Source records:
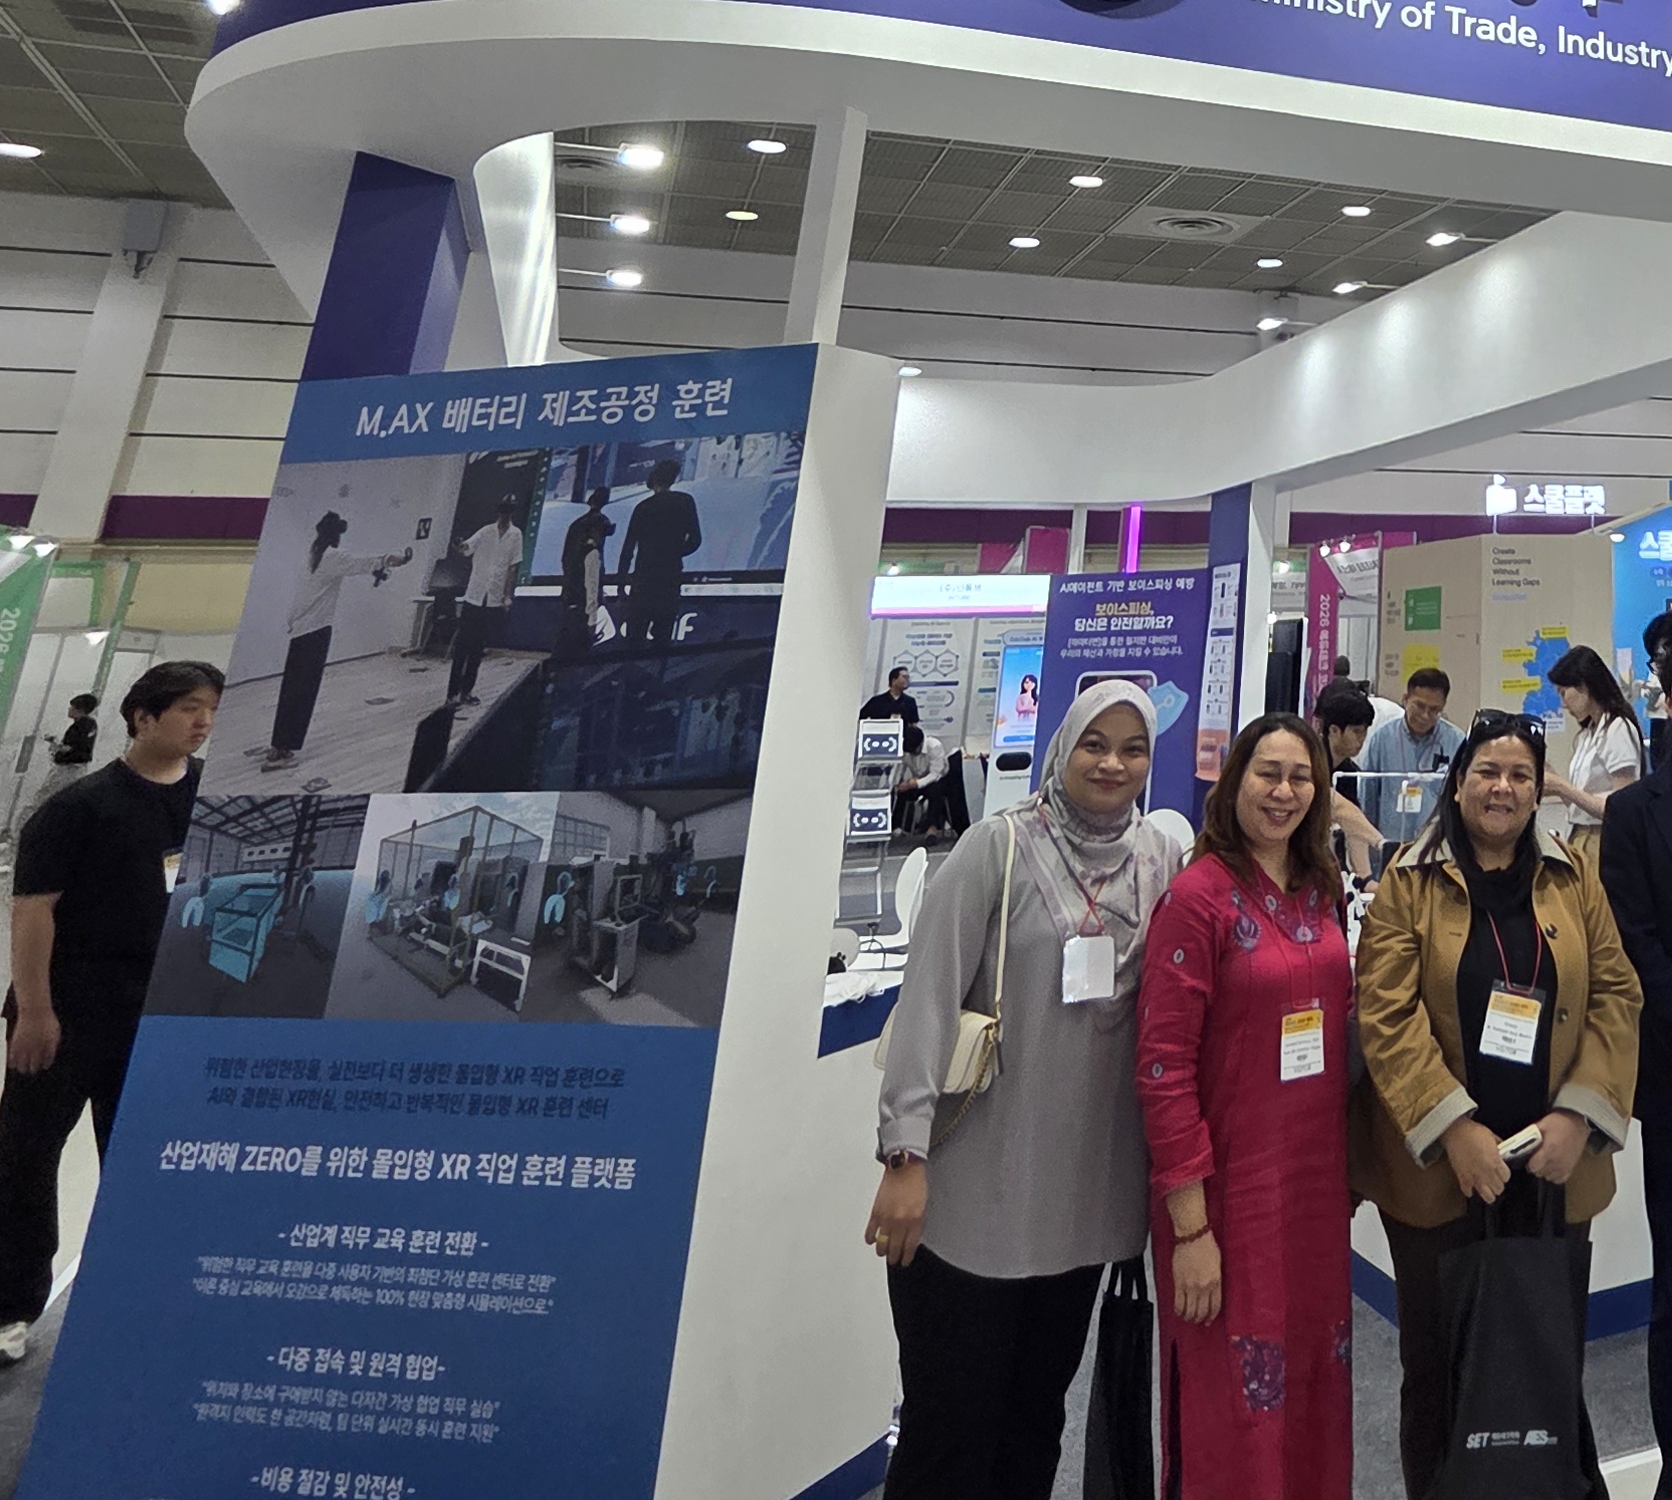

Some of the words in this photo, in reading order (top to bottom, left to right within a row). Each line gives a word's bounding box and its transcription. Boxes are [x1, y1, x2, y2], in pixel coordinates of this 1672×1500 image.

[1400, 1, 1436, 31] of
[1444, 5, 1546, 55] Trade,
[356, 401, 431, 438] M.AX
[442, 393, 527, 432] 배터리
[538, 383, 660, 426] 제조공정
[672, 377, 733, 419] 훈련
[1492, 557, 1531, 565] Classrooms
[1106, 580, 1125, 592] 기반
[1127, 578, 1173, 591] 보이스피싱
[1176, 577, 1195, 590] 예방
[1492, 578, 1521, 587] Learning
[1523, 578, 1540, 587] Gaps
[1095, 601, 1154, 616] 보이스피싱,
[1320, 594, 1330, 627] 2026
[1074, 617, 1108, 632] 당신은
[1110, 615, 1174, 630] 안전할까요?
[501, 1066, 526, 1085] XR
[529, 1065, 560, 1088] 직업
[562, 1067, 625, 1089] 훈련으로
[514, 1097, 539, 1116] XR
[543, 1096, 573, 1118] 훈련
[577, 1097, 609, 1120] 센터
[160, 1140, 241, 1174] 산업재해
[241, 1145, 323, 1177] ZERO를
[327, 1146, 368, 1178] 위한
[372, 1148, 435, 1181] 몰입형
[437, 1153, 472, 1181] XR
[475, 1152, 519, 1185] 직업
[521, 1154, 567, 1187] 훈련
[570, 1156, 636, 1190] 플랫폼
[341, 1225, 371, 1250] 직무
[373, 1228, 405, 1252] 교육
[408, 1230, 441, 1254] 훈련
[444, 1231, 478, 1256] 전환
[256, 1259, 280, 1277] 교육
[314, 1261, 337, 1280] 다중
[338, 1263, 372, 1282] 사용자
[441, 1268, 465, 1288] 가상
[466, 1271, 491, 1289] 훈련
[492, 1272, 526, 1290] 센터로
[241, 1279, 285, 1299] 교육에서
[285, 1282, 328, 1301] 오감으로
[375, 1288, 405, 1306] 100%
[407, 1289, 431, 1309] 현장
[314, 1347, 346, 1375] 접속
[349, 1350, 366, 1376] 및
[368, 1351, 403, 1379] 원격
[388, 1393, 414, 1414] 가상
[416, 1395, 441, 1415] 협업
[443, 1397, 467, 1416] 직무
[351, 1413, 376, 1432] 단위
[377, 1416, 413, 1436] 실시간
[415, 1418, 440, 1438] 동시
[441, 1420, 467, 1441] 훈련
[1466, 1432, 1490, 1448] SET
[297, 1468, 331, 1497] 절감
[333, 1471, 351, 1498] 및
[353, 1472, 404, 1500] 안전성
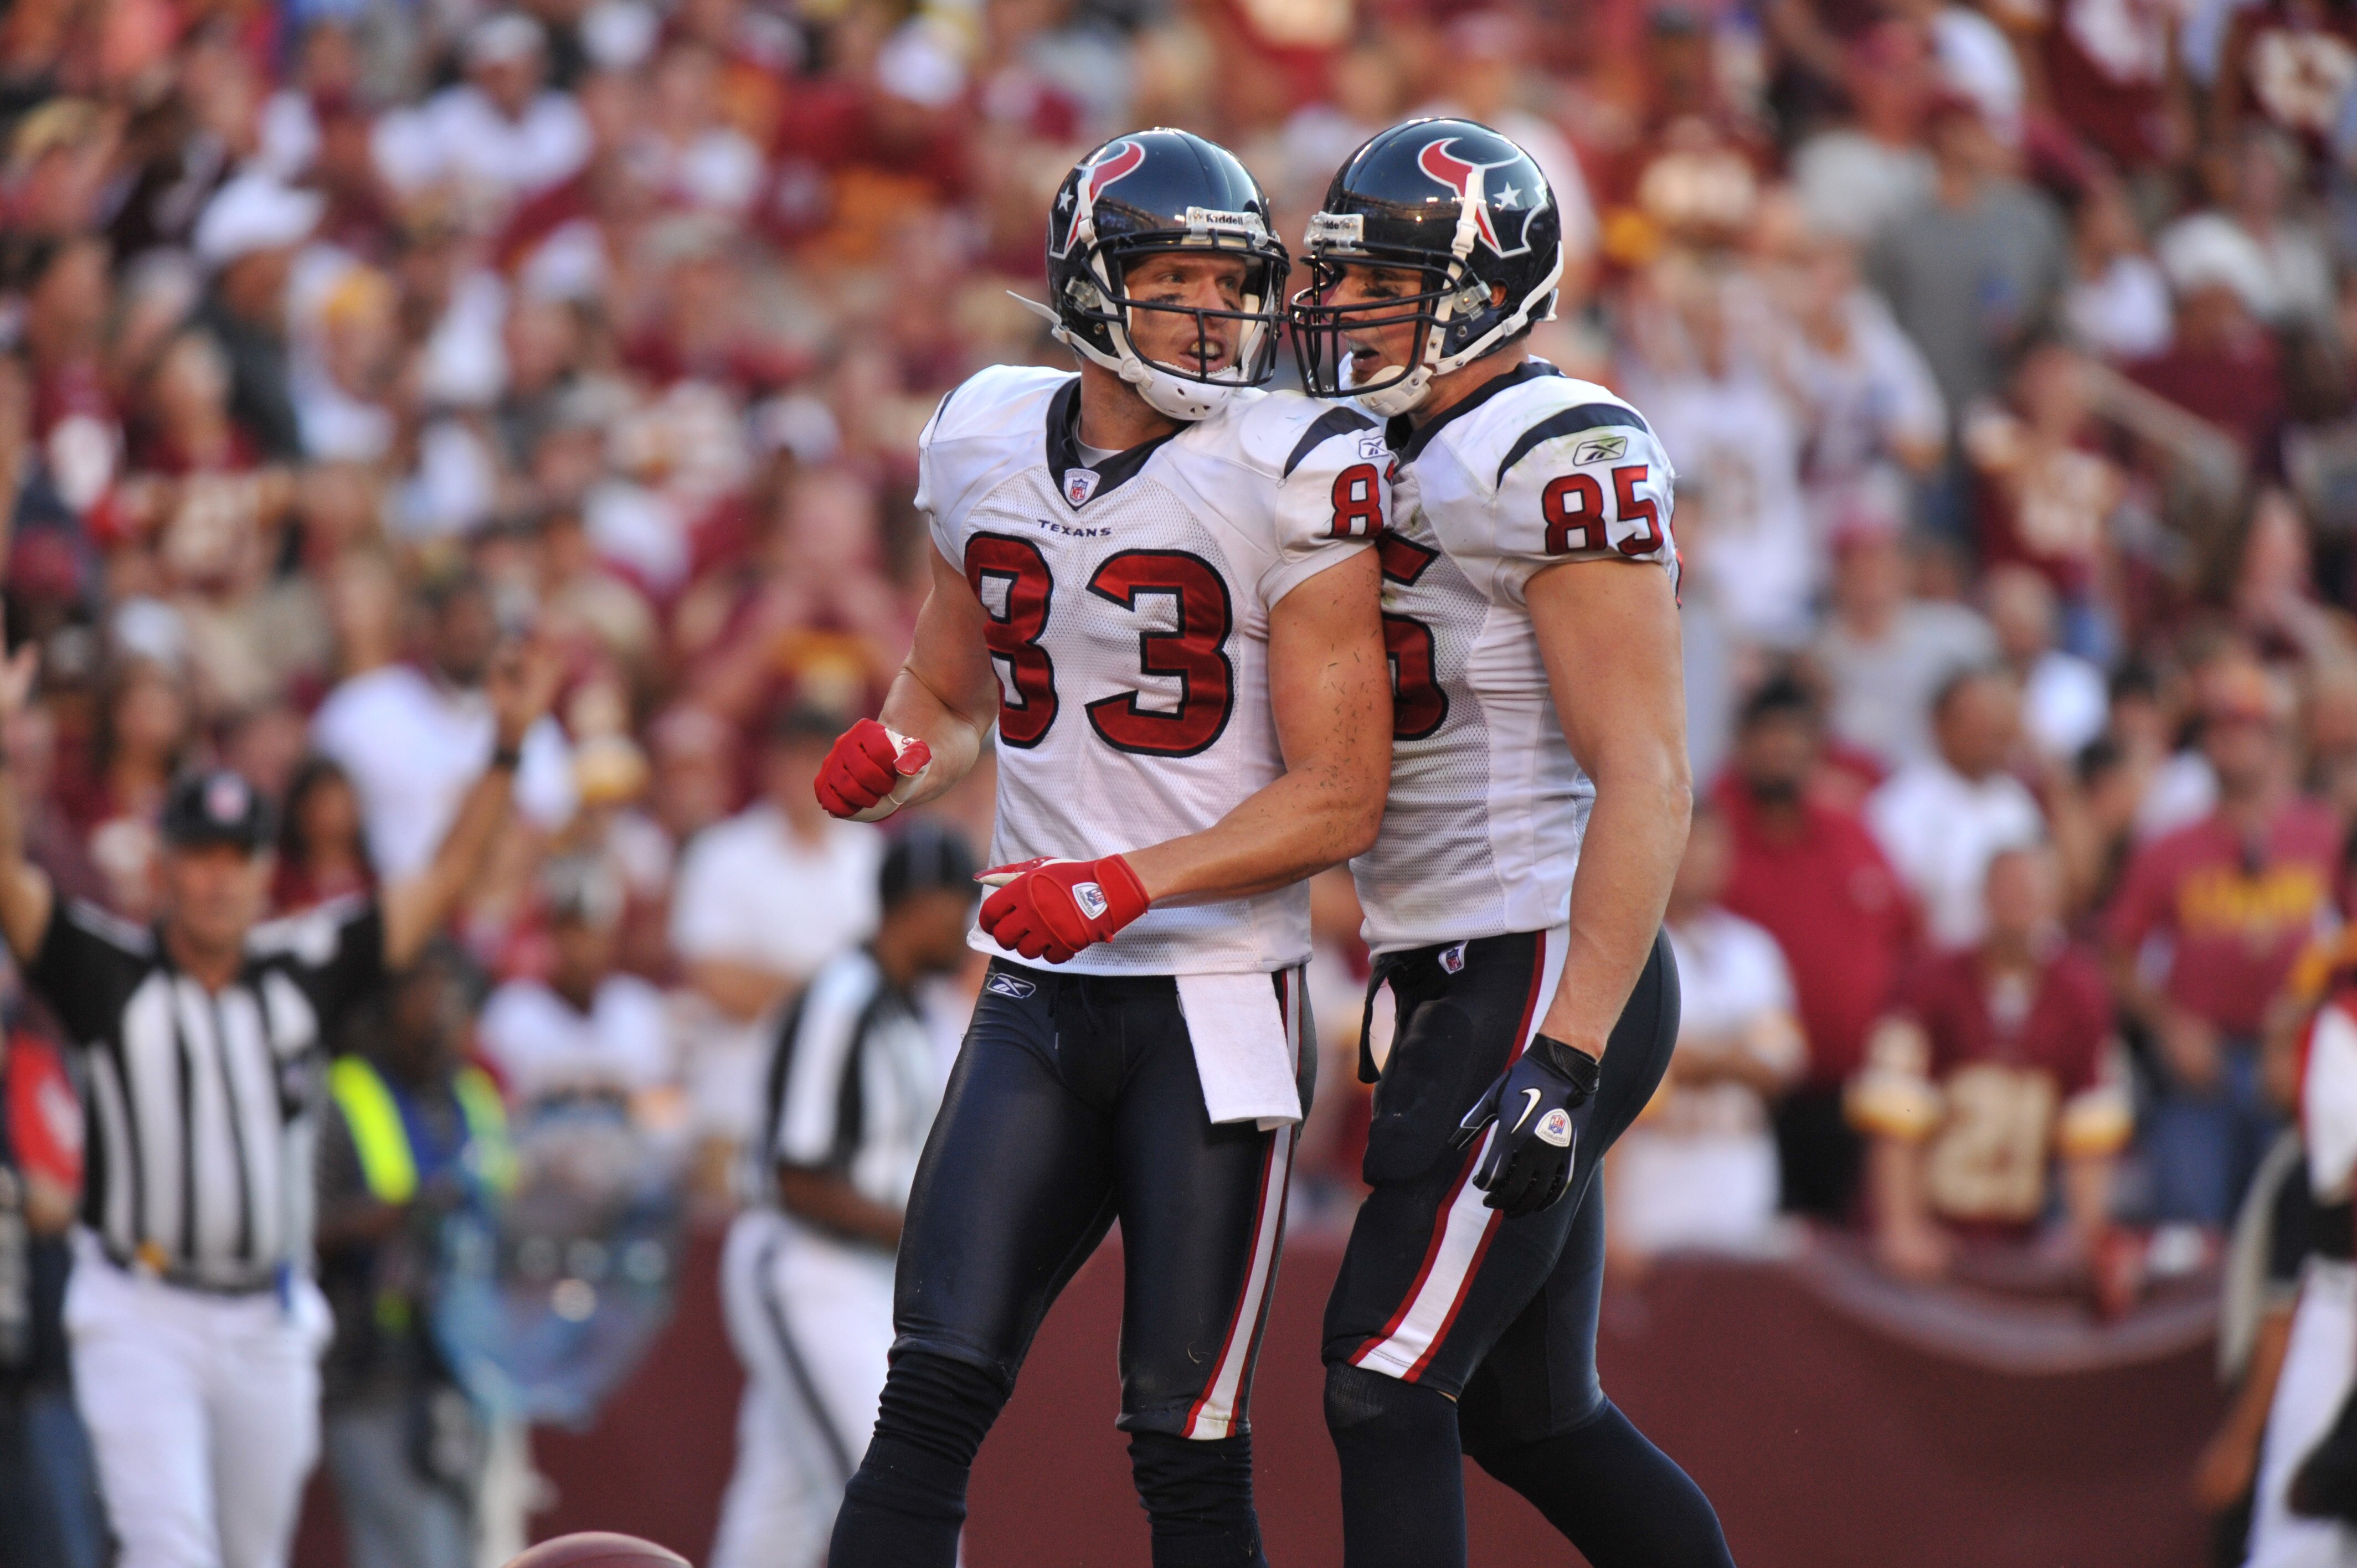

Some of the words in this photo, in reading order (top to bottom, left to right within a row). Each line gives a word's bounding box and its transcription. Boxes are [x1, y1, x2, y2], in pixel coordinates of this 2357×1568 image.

- _What to produce_: All entries are to be duplicated exactly, with the pictures left out.

- _Expected answer_:
Some of the words in this photo, in reading order (top to bottom, left to right within a row). Each line gives a word's bounding box and its transcription. Boxes are [x1, y1, x2, y2], in pixel coordinates of this 1672×1500 image.

[1400, 1, 1436, 31] of
[1444, 5, 1546, 55] Trade,
[356, 401, 431, 438] M.AX
[442, 393, 527, 432] 배터리
[538, 383, 660, 426] 제조공정
[672, 377, 733, 419] 훈련
[1492, 557, 1531, 565] Classrooms
[1106, 580, 1125, 592] 기반
[1127, 578, 1173, 591] 보이스피싱
[1176, 577, 1195, 590] 예방
[1492, 578, 1521, 587] Learning
[1523, 578, 1540, 587] Gaps
[1095, 601, 1154, 616] 보이스피싱,
[1320, 594, 1330, 627] 2026
[1074, 617, 1108, 632] 당신은
[1110, 615, 1174, 630] 안전할까요?
[501, 1066, 526, 1085] XR
[529, 1065, 560, 1088] 직업
[562, 1067, 625, 1089] 훈련으로
[514, 1097, 539, 1116] XR
[543, 1096, 573, 1118] 훈련
[577, 1097, 609, 1120] 센터
[160, 1140, 241, 1174] 산업재해
[241, 1145, 323, 1177] ZERO를
[327, 1146, 368, 1178] 위한
[372, 1148, 435, 1181] 몰입형
[437, 1153, 472, 1181] XR
[475, 1152, 519, 1185] 직업
[521, 1154, 567, 1187] 훈련
[570, 1156, 636, 1190] 플랫폼
[341, 1225, 371, 1250] 직무
[373, 1228, 405, 1252] 교육
[408, 1230, 441, 1254] 훈련
[444, 1231, 478, 1256] 전환
[256, 1259, 280, 1277] 교육
[314, 1261, 337, 1280] 다중
[338, 1263, 372, 1282] 사용자
[441, 1268, 465, 1288] 가상
[466, 1271, 491, 1289] 훈련
[492, 1272, 526, 1290] 센터로
[241, 1279, 285, 1299] 교육에서
[285, 1282, 328, 1301] 오감으로
[375, 1288, 405, 1306] 100%
[407, 1289, 431, 1309] 현장
[314, 1347, 346, 1375] 접속
[349, 1350, 366, 1376] 및
[368, 1351, 403, 1379] 원격
[388, 1393, 414, 1414] 가상
[416, 1395, 441, 1415] 협업
[443, 1397, 467, 1416] 직무
[351, 1413, 376, 1432] 단위
[377, 1416, 413, 1436] 실시간
[415, 1418, 440, 1438] 동시
[441, 1420, 467, 1441] 훈련
[1466, 1432, 1490, 1448] SET
[297, 1468, 331, 1497] 절감
[333, 1471, 351, 1498] 및
[353, 1472, 404, 1500] 안전성

Some of the words in this photo, in reading order (top to bottom, left to right within a row). Each line gives a word's bounding box and its transcription. Boxes are [x1, y1, x2, y2], in pixel coordinates of this 2357×1568 image.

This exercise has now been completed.